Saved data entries
* * *
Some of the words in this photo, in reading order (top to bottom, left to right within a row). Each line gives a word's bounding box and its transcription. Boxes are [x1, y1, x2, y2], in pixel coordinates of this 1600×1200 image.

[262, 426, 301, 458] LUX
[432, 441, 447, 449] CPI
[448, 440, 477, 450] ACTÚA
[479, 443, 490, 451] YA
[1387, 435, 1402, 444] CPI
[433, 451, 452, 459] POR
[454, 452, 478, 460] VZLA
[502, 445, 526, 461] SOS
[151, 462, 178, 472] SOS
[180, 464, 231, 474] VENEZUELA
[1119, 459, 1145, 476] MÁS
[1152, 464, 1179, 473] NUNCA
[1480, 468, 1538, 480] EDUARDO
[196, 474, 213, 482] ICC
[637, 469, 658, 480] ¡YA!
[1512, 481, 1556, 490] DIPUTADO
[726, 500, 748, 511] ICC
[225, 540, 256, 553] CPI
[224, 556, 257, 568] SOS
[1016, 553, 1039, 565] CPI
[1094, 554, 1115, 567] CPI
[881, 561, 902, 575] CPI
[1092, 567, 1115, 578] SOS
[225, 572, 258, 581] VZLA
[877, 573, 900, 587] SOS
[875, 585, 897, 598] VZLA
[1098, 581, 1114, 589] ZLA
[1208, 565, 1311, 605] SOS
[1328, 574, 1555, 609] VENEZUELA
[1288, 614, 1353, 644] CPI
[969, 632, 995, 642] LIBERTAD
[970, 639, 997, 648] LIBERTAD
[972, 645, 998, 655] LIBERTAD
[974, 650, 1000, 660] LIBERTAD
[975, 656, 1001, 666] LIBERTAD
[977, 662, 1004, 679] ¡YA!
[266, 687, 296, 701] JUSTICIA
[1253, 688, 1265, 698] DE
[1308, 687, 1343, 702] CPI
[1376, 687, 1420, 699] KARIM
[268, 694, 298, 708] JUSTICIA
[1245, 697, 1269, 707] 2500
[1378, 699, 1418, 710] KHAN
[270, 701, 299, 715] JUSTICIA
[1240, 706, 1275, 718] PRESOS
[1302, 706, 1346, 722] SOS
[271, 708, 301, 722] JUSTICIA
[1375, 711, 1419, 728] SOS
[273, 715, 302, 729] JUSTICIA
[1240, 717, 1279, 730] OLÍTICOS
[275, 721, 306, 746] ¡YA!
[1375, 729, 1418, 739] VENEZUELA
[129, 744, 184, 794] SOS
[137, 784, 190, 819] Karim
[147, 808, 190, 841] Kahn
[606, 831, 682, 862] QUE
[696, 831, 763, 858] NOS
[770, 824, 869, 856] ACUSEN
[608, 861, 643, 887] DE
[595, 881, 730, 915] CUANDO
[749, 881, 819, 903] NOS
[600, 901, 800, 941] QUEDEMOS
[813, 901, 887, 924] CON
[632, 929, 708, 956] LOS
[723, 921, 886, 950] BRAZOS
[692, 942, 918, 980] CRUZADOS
* * *
*Exercise brief*:
If a line in the data contains the string "VENEZUELA", copy it.

*Task response*:
[180, 464, 231, 474] VENEZUELA
[1328, 574, 1555, 609] VENEZUELA
[1375, 729, 1418, 739] VENEZUELA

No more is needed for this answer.